Infine Franco Basaglia. Probabilmente il più celebrato e, nello stesso tempo, uno dei più traditi. Il suo nome è indissolubilmente legato alla legge 180 e alla chiusura dei manicomi. Ma ridurre Basaglia alla riforma psichiatrica significa perdere la portata universale del suo pensiero. La questione che poneva era molto più ampia: che cosa accade a una persona quando un’istituzione smette di vederla come soggetto e comincia a identificarla interamente con la categoria attraverso cui la definisce? Il folle diventa la sua malattia. Il detenuto il suo reato. Il povero la sua marginalità. L’immigrato la sua provenienza. L’istituzione non incontra più una persona, ma una classificazione. Per questo aprire le porte del manicomio non rappresentava semplicemente una diversa tecnica terapeutica. Significava restituire all’altro la possibilità di essere qualcosa di più della definizione che il sapere e il potere avevano costruito per lui. È difficile immaginare un pensiero più contemporaneo in un’epoca nella quale torniamo continuamente a classificare, separare, diagnosticare, confinare.

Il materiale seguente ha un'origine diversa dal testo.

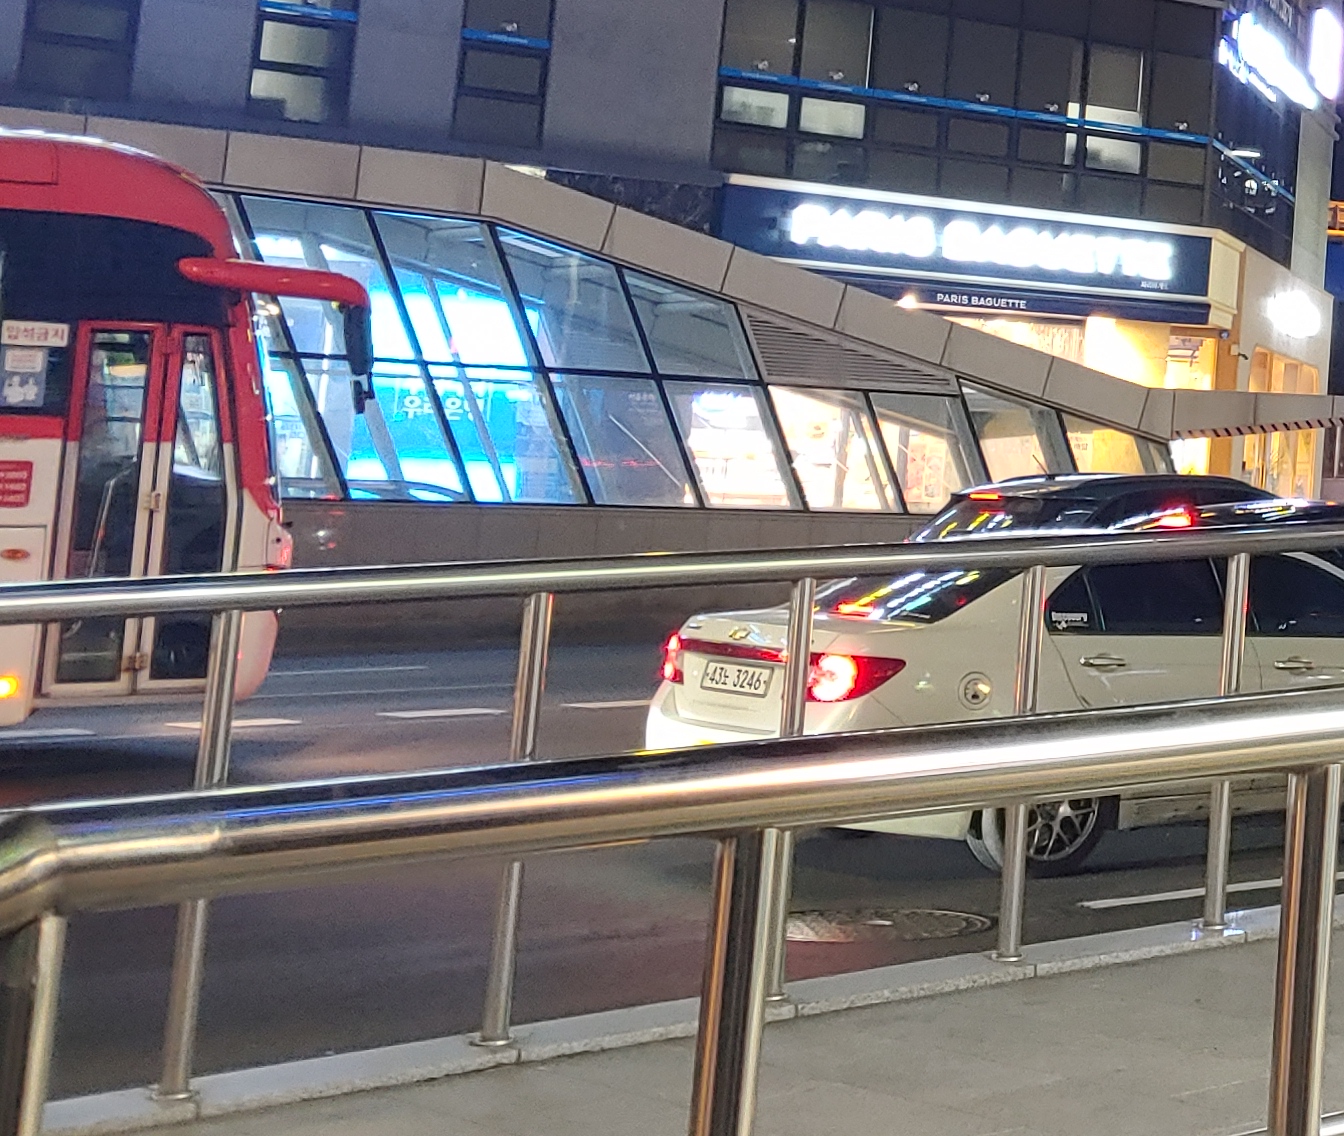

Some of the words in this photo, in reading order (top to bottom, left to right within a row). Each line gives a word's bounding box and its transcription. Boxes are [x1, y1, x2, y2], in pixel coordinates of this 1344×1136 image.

[936, 293, 969, 304] PARIS
[971, 296, 1027, 309] BAGUETTE
[732, 669, 763, 691] 3246

Milani, Pasolini, de Martino e Basaglia non formano una scuola. Probabilmente sarebbe artificioso cercare una teoria comune. Possiedono però una postura intellettuale sorprendentemente simile: guardano la società dal punto in cui essa produce esclusioneIl margine, per tutti loro, non è semplicemente un luogo geografico o sociale. È un punto epistemologico. Dal margine si vede qualcosa che dal centro rimane invisibile.  E’ un metodo  dello sguardo: osservare una società a partire da coloro che ne pagano il prezzo. I “santini” svolgono una funzione rassicurante: trasformano una domanda in una commemorazione. Potremmo fare esattamente il contrario. Togliere questi autori dai monumenti nei quali li abbiamo collocati e restituirli al conflitto del presente. Non domandarci semplicemente che cosa abbiano detto nel loro tempo ma che cosa, ci costringano ancora a vedere nel nostro. Perché un pensiero è veramente vivo non quando viene celebrato, ma quando continua a disturbarci.